- **EXTRACTED INFORMATION**
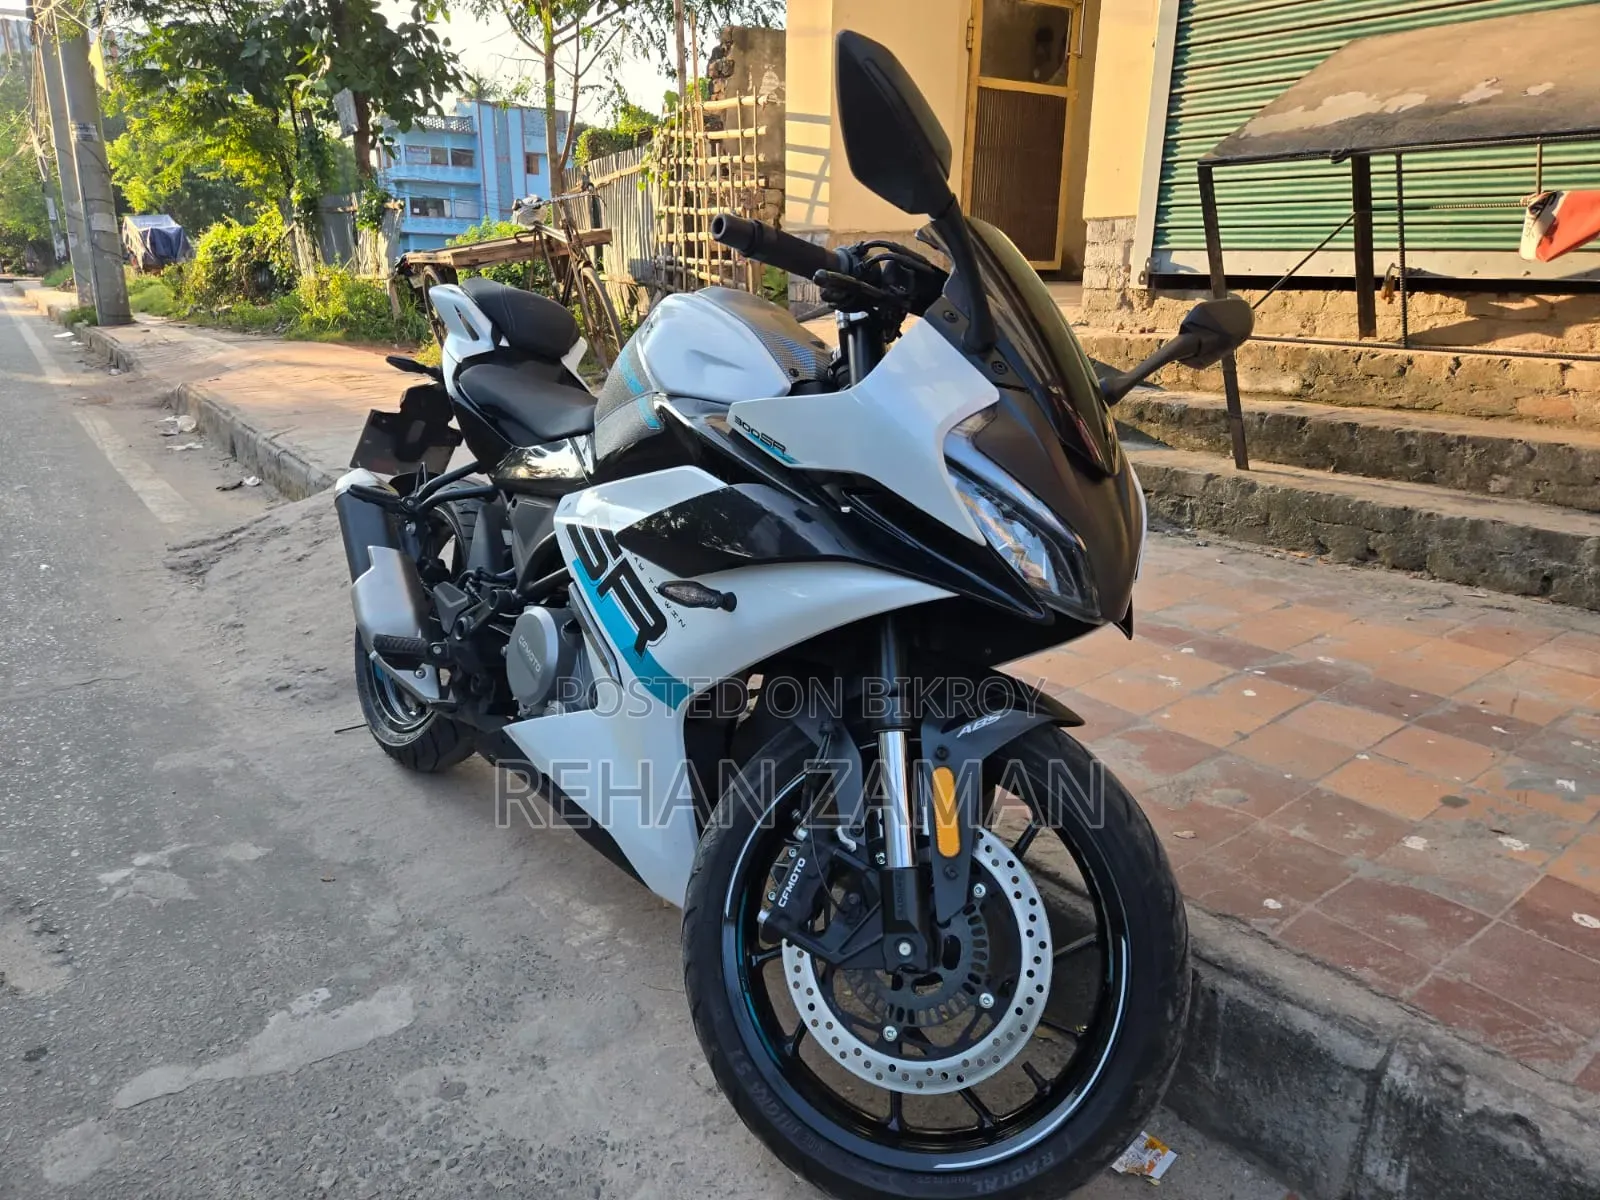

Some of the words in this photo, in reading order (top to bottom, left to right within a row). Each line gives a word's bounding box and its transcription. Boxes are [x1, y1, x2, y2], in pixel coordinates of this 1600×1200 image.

[734, 415, 786, 457] 300SR
[956, 714, 1001, 738] ABS
[777, 857, 806, 908] CFMOTO
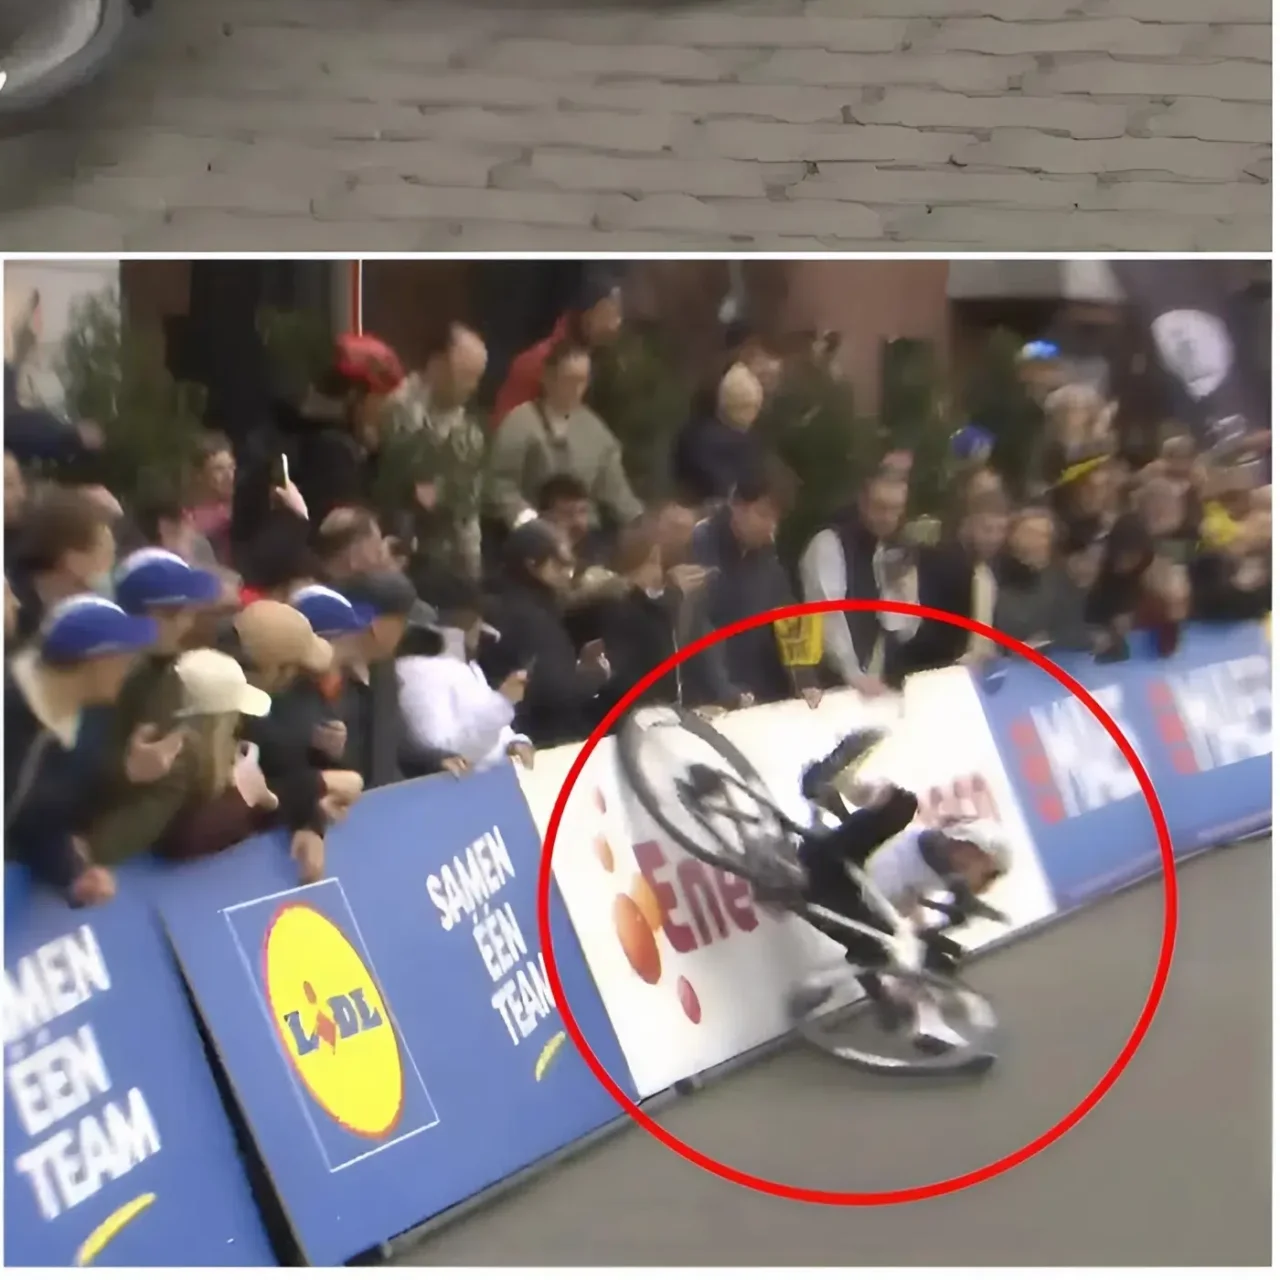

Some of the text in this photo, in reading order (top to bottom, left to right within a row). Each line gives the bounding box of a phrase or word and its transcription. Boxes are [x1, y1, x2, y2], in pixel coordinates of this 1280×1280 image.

[426, 825, 516, 931] SAMEN
[632, 840, 759, 953] Ene
[4, 924, 111, 1046] MEN
[14, 1086, 162, 1221] TEAM

- **INSTRUCTIONS FOR THE TASK**
Excluding the pictures, output every entry above without alteration.

- **TASK ANSWER**
Some of the words in this photo, in reading order (top to bottom, left to right within a row). Each line gives a word's bounding box and its transcription. Boxes are [x1, y1, x2, y2], in pixel coordinates of this 1600×1200 image.

[734, 415, 786, 457] 300SR
[956, 714, 1001, 738] ABS
[777, 857, 806, 908] CFMOTO

Some of the text in this photo, in reading order (top to bottom, left to right within a row). Each line gives the bounding box of a phrase or word and its transcription. Boxes are [x1, y1, x2, y2], in pixel coordinates of this 1280×1280 image.

[426, 825, 516, 931] SAMEN
[632, 840, 759, 953] Ene
[4, 924, 111, 1046] MEN
[14, 1086, 162, 1221] TEAM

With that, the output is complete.